Contract costs comprise costs that are identifiable with a specific contract, plus those that are attributable to contracting activity in general and can be allocated to the contract and those that are contractually chargeable to a customer.

 

Generally, contract costs would include all direct costs (such as direct materials, direct labor) and direct expenses and any construction overhead that could specifically be allocated to specific contracts. Direct costs or costs that are identifiable with a specific contract include:

  • Costs of materials consumed in the specific construction contract
  • Wages and other labor costs for site labor and site supervisors
  • Depreciation charges of plant and equipment used in the contract
  • Lease rentals of hired plant and equipment specifically for the contract
  • Cost incurred in shifting of plant, equipment, and materials to and from the construction site
  • Cost of design and technical assistance directly identifiable with a specific contract
  • Estimated costs of any work undertaken under a warranty or guarantee
  • Claims from third parties

With regard to claims from third parties, these should be accrued if they rise to the level of “provisions” as defined by IAS 37. This requires that an obligation that is subject to reasonable measurement exist at the date of the statement of financial position. However, if either of the above mentioned conditions is not met (and the possibility of the loss is not remote), this contingency will only be disclosed. Contingent losses are specifically required to be disclosed under IAS 11.
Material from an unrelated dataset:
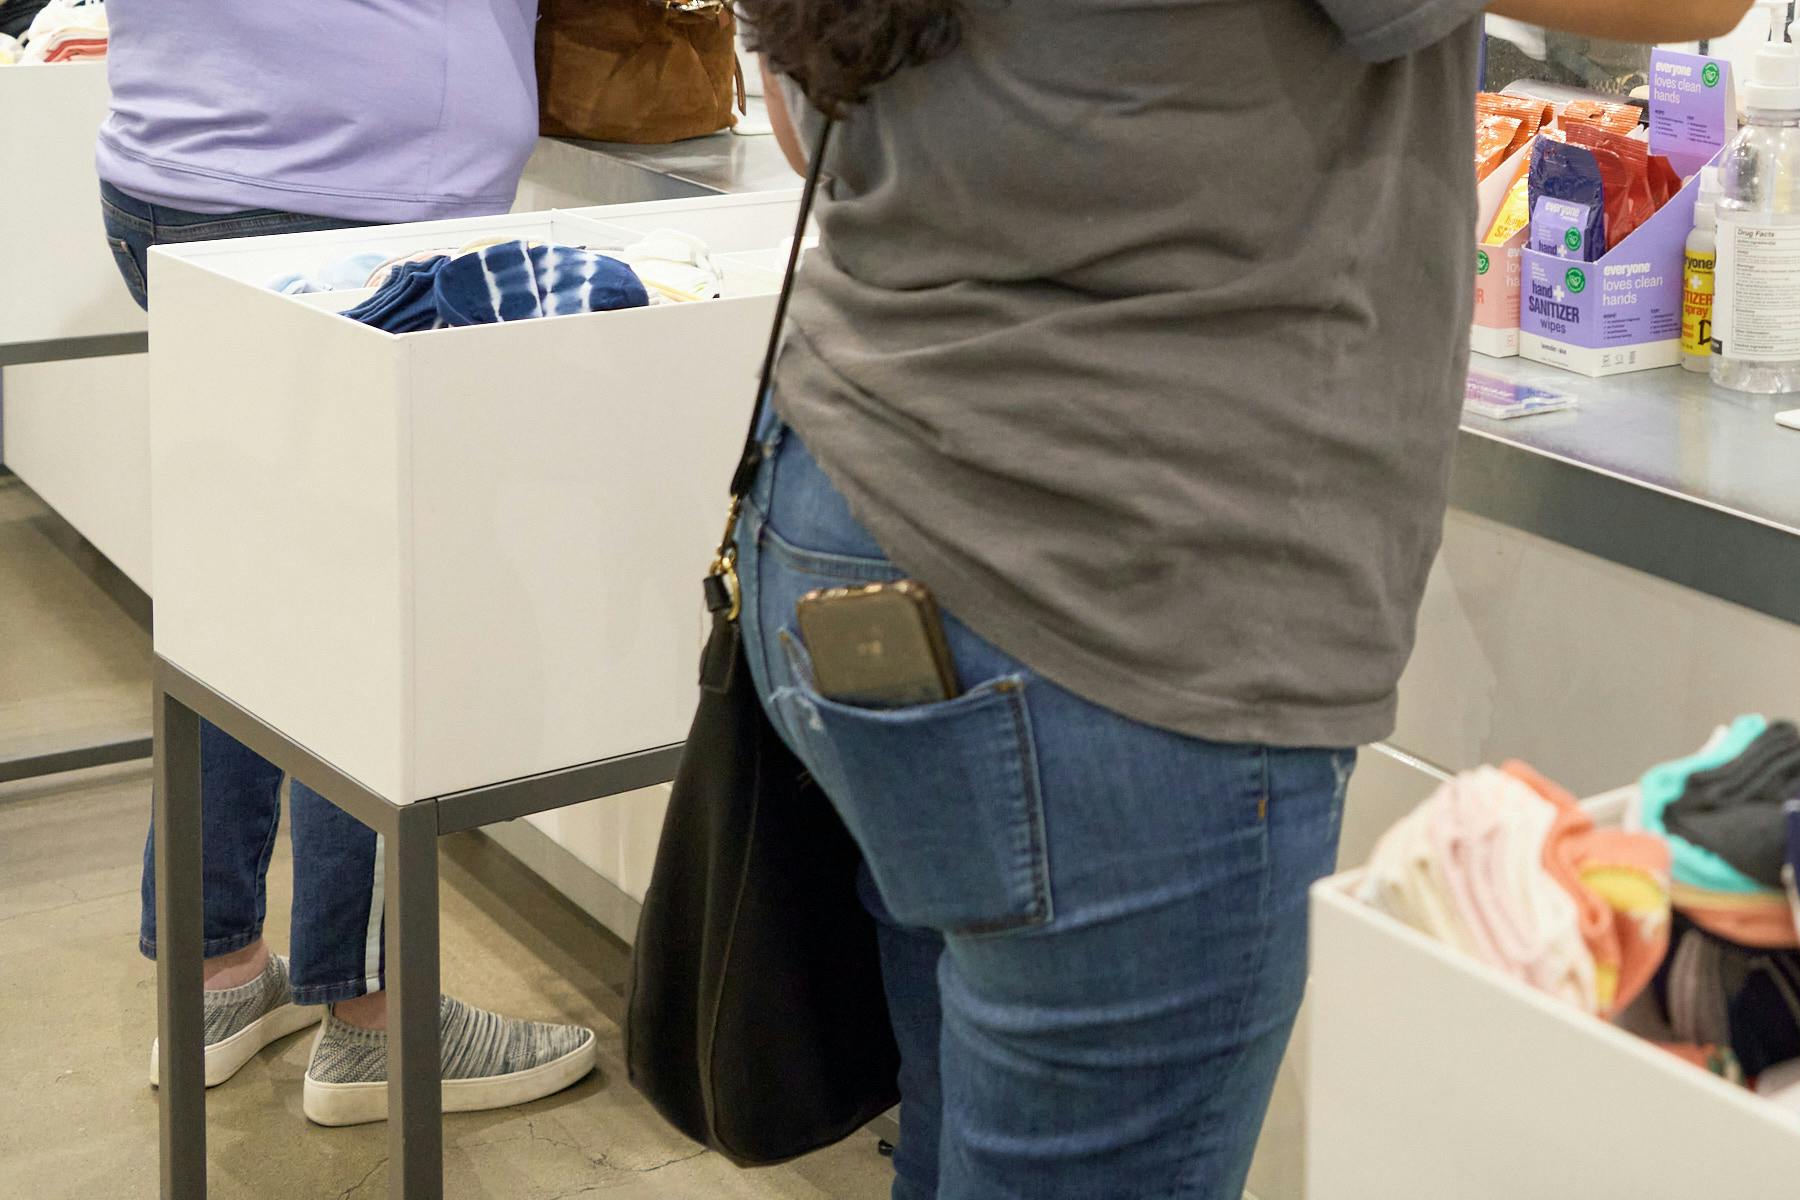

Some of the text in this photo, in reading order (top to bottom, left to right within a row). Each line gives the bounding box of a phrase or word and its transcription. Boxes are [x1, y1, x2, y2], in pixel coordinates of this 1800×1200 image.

Contract costs may be reduced by incidental income if such income is not included in contract revenue. For instance, sale proceeds (net of any selling expenses) from the disposal of any surplus materials or from the sale of plant and equipment at the end of the contract may be credited or offset against these expenses.

Drawing an analogy from the principle, it could be argued that if advances received from customers are invested by the contractor temporarily (instead of being allowed to lie idle in a current account), any interest earned on such investments could be treated as incidental income and used in reducing contract costs, which may or may not include borrowing costs (depending on how the contractor is financed, whether self-financed or leveraged). On the other hand, it may also be argued that instead of being subtracted from contract costs, such interest income should be added to contract revenue.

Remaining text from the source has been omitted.